EXERCISE DESCRIPTION:
Exactly as they appear, output all of the records. Skip any images.

-- RECORDS PROVIDED follows --

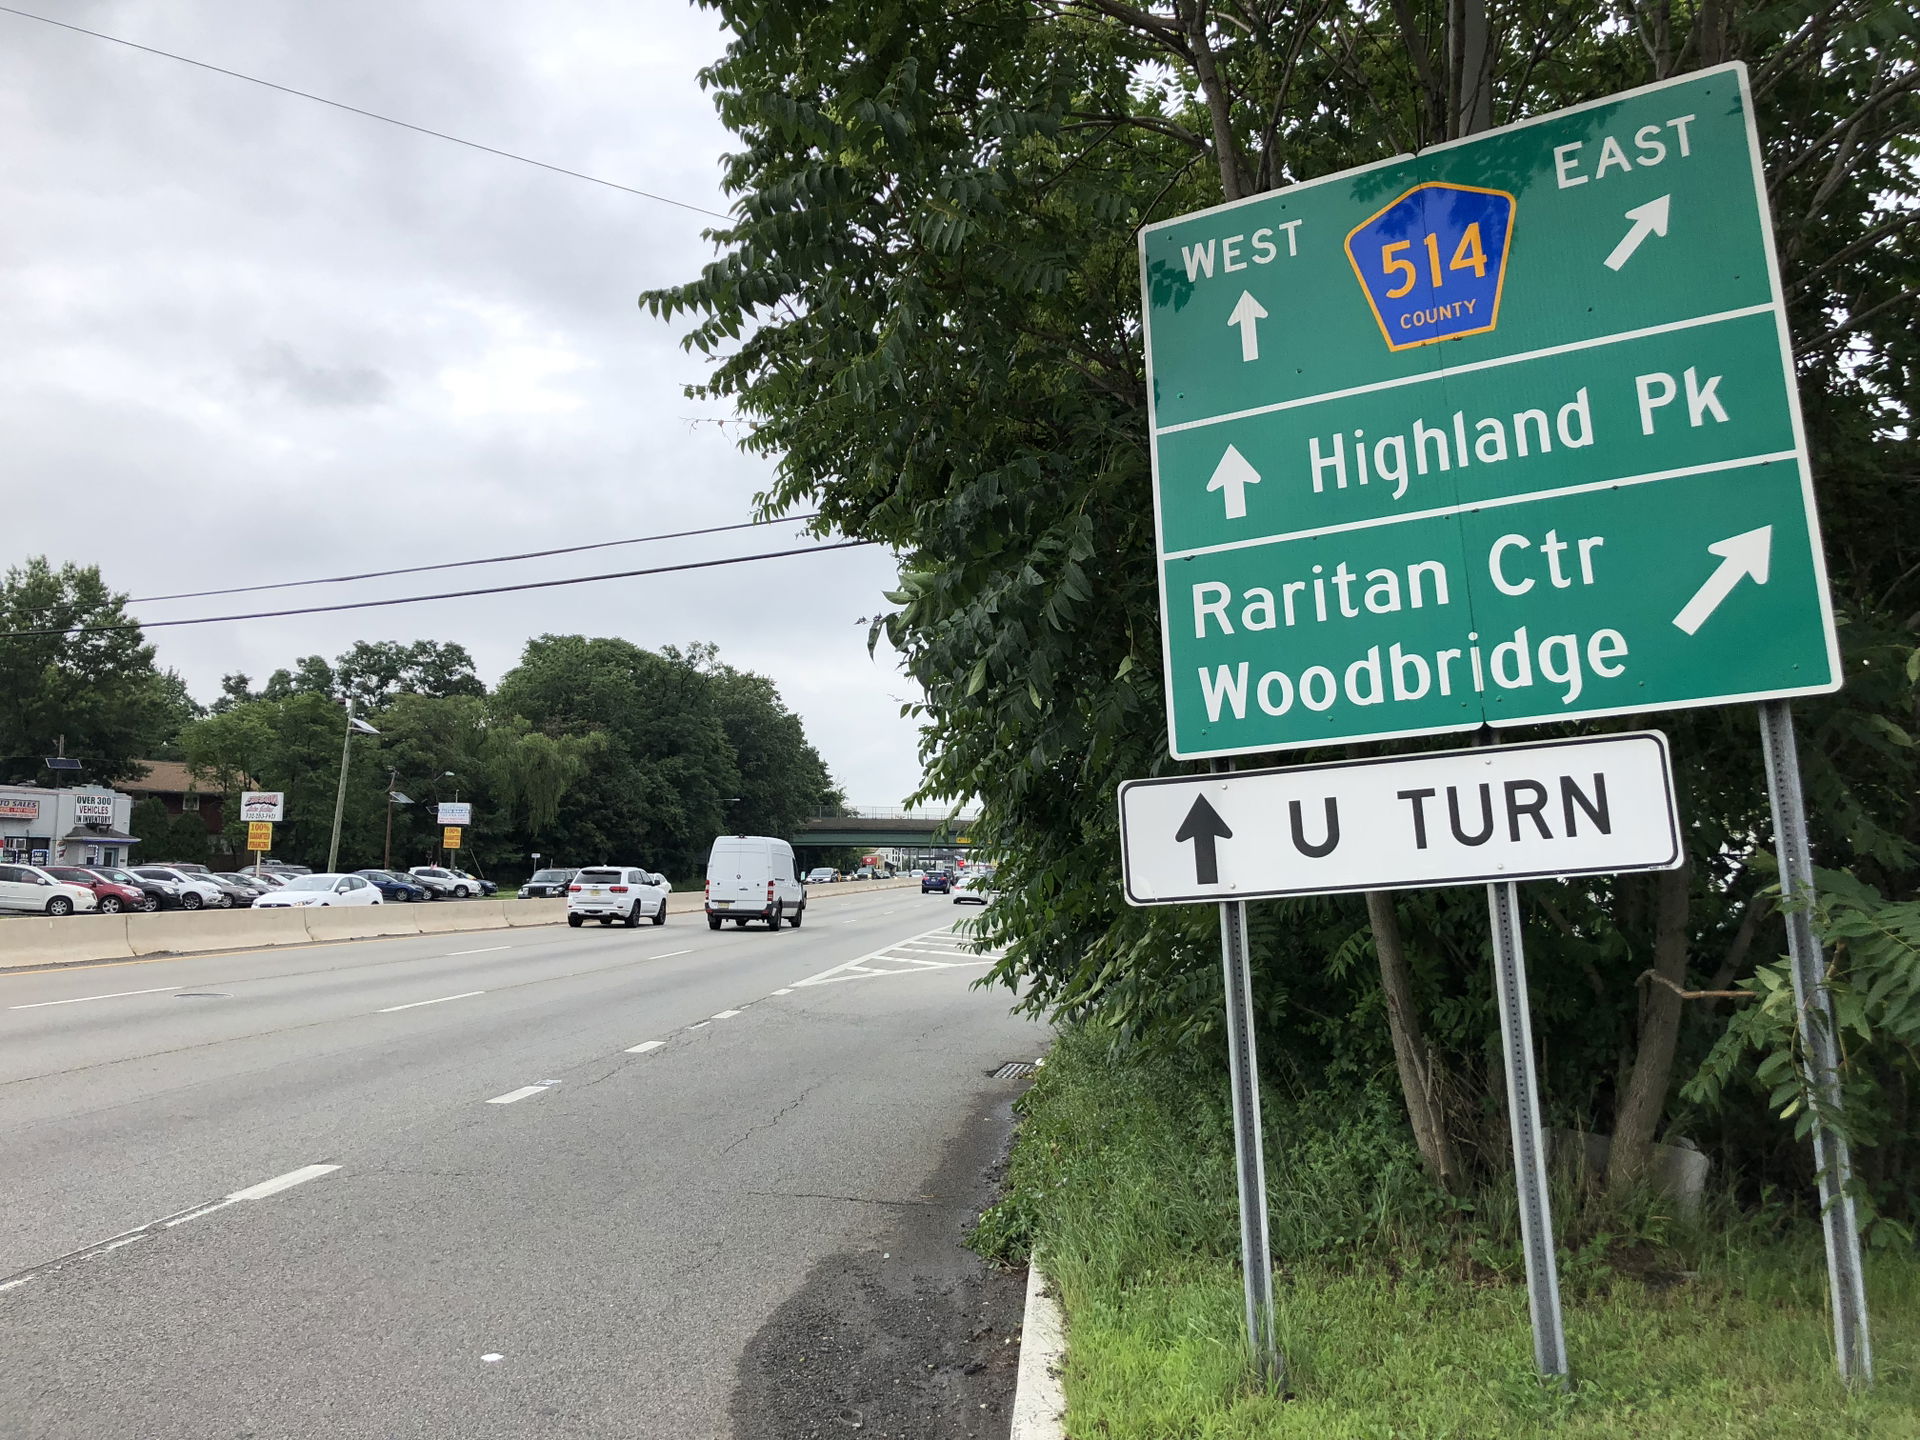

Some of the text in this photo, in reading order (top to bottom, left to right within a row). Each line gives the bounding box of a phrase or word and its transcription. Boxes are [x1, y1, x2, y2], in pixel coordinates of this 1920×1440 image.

[1554, 114, 1695, 189] EAST
[1182, 218, 1303, 281] WEST
[1382, 222, 1488, 298] 514
[1400, 299, 1477, 329] COUNTY
[1309, 366, 1729, 500] Highland Pk
[1192, 530, 1604, 639] Raritan Ctr
[1197, 626, 1629, 723] Woodbridge
[12, 800, 37, 808] SALES
[77, 796, 112, 805] OVER 300
[79, 805, 109, 814] VEHICLES
[83, 815, 111, 823] INVENTORY
[1289, 772, 1612, 859] U TURN

-- RECORDS PROVIDED concluded --

FINAL ANSWER:
Some of the text in this photo, in reading order (top to bottom, left to right within a row). Each line gives the bounding box of a phrase or word and its transcription. Boxes are [x1, y1, x2, y2], in pixel coordinates of this 1920×1440 image.

[1554, 114, 1695, 189] EAST
[1182, 218, 1303, 281] WEST
[1382, 222, 1488, 298] 514
[1400, 299, 1477, 329] COUNTY
[1309, 366, 1729, 500] Highland Pk
[1192, 530, 1604, 639] Raritan Ctr
[1197, 626, 1629, 723] Woodbridge
[12, 800, 37, 808] SALES
[77, 796, 112, 805] OVER 300
[79, 805, 109, 814] VEHICLES
[83, 815, 111, 823] INVENTORY
[1289, 772, 1612, 859] U TURN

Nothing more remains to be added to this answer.